Identity fraud, cybersecurity breaches and other scams can have lasting impacts on consumers’ lives. Unfortunately, crimes committed online and in person happen all too often.
Why National Consumer Protection Week is important
There were 15.4 million victims of identity fraud in 2016, an unnerving increase of 16 percent from the year before, and the largest increase since Javelin Strategy & Research started tracking identity fraud in 2003.
Further, some big names experienced cybersecurity hacks, which impacted millions of Americans and exposed identifying data to criminals. The largest incident involved Equifax, which initially reported an affected 143 million Americans when the news first broke in September 2017. A month later, the credit bureau added another 2.5 million individuals to the list, and in March 2018, another 2.4 million people, The Washington Post reported. These additions brought the total to 147.9 million Americans with various pieces of sensitive data exposed, including names, addresses, driver’s license numbers and Social Security numbers.
Six months after the Equifax hack, a CreditCards.com survey of 1,164 American adults found that half had not checked their credit score since the breach; 27 percent said they had never checked their credit score ever.
Despite the unfortunate prevalence of identity theft and other instances of fraud that could affect consumers, there are some things that people can do to minimize their own risk. Actions like checking your credit score, helping older relatives secure their data and learning the steps to take in the event of identity fraud can all serve to bolster your protections against the malicious efforts of criminals.

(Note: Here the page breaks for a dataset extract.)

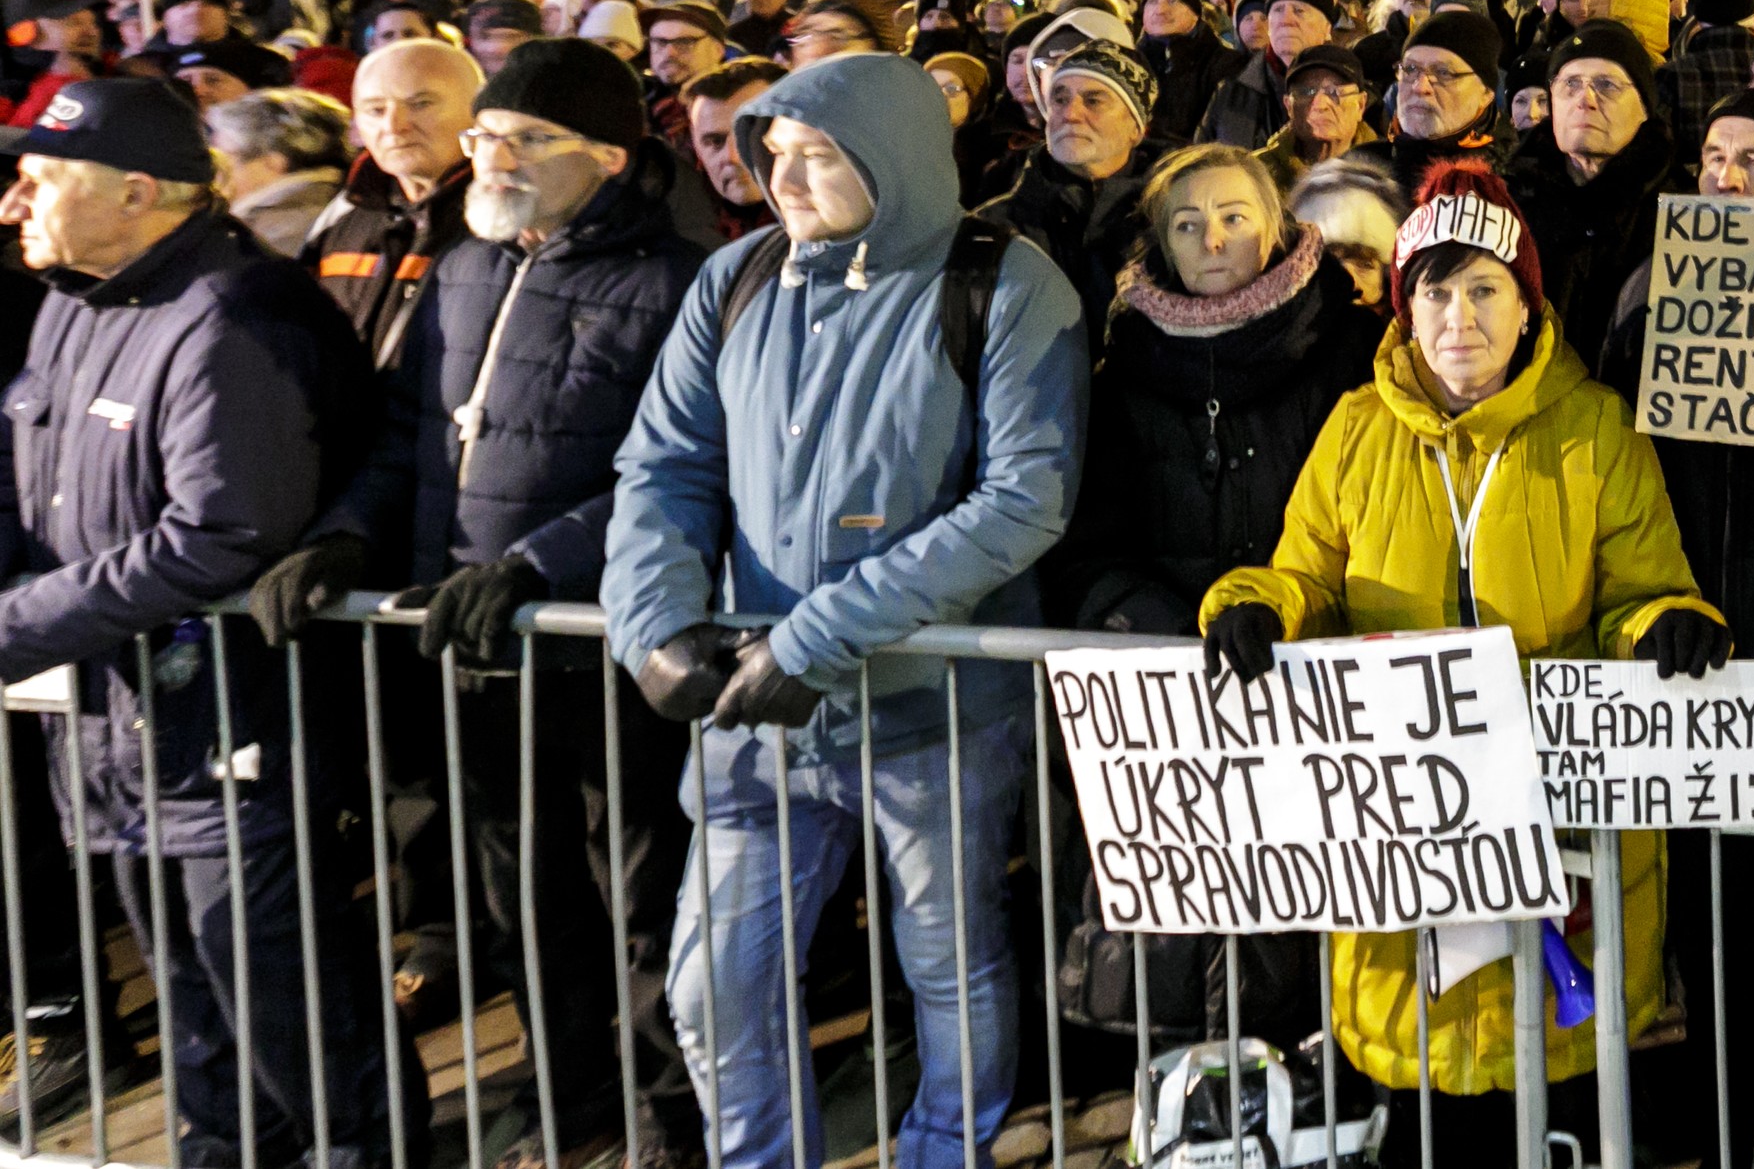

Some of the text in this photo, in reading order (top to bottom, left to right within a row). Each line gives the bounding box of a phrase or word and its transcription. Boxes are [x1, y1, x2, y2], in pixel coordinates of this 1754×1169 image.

How to check your credit score
Staying informed about what your credit score is can clue you into how eligible you are for a loan and help you identify mistakes in your credit report.
Experts recommend checking your score once a year. In addition to this annual inspection, it’s a good idea to check your score before applying for a loan or making a major purchase like a home. It’s also wise to look it up if you suspect you’ve been a victim of identity theft.
There are several different routes you can take for checking your score, according to the Consumer Financial Protection Bureau. Free services are available for consumers to utilize – CreditCards.com offers a way to check your score, as does Credit Karma. Some banks and credit card issuers will also offer their members a free look at their scores by including them in credit card statements or on-demand in their online account portals or mobile apps.
Another way is through the credit reporting companies themselves, though this usually comes at a small price. However, everyone is entitled to one free credit report each year from each of the three main bureaus: Equifax, TransUnion and Experian.
The credit report will include your score as well as the information the credit bureau has about you in their database, including which accounts you have open, your name, address and more. It’s a good idea to review this information every once in a while to make sure the bureaus have it all correct. You can order these free reports from www.AnnualCreditReport.com, which is a government-authorized website.
CFPB also pointed out that you can turn to a nonprofit credit counselor or an approved housing counselor to help you order your report. They’ll help you understand the information in the report, too.
How to help elderly relatives secure their data
In his proclamation declaring the 20th annual National Consumer Protection Week, President Donald Trump pointed out one of the most common forms of financial exploitation targets the elderly.
Elder financial abuse is a sad but very real problem, and there are things younger relatives can do to help their loved ones stay protected. CNN recommended a few steps you can take to reduce your older relatives’ risk of becoming a fraud victim, including:
- Putting your loved one’s name on the Do-Not-Call Registry at www.donotcall.gov.
- Reviewing their credit reports with them.
- Helping them make sure bill payments, using checks rather than cash to maintain a paper trail, or enrolling in automatic payments.
- Keeping them updated on common scams and telling them how to avoid falling victim to them – such as random phone calls soliciting money.
What to do after identity theft
The first thing you need to do after discovering your identity has been stolen, according to The Balance, is contact the Federal Trade Commission and explain the situation. You can also choose to contact your local police department.
The FTC recommends contacting any companies where you know fraud has occurred and ask them to freeze or close your accounts. Additionally, change any usernames, passwords and PINs associated with those accounts.
Next, contact each of the three credit bureaus and place a fraud alert with them. This will make it harder for the criminal to use your information to open new accounts. If someone has opened new accounts in your name, close them right away. If someone has placed charges on your credit cards, dispute them as soon as you recognize the fraud. Pulling your credit report can help you identify some of these illegal actions.
Once you’ve close accounts and eliminated fraudulent charges, don’t assume you’re in the clear. Continue to monitor your credit reports should those same fraudsters or different ones try to target you twice.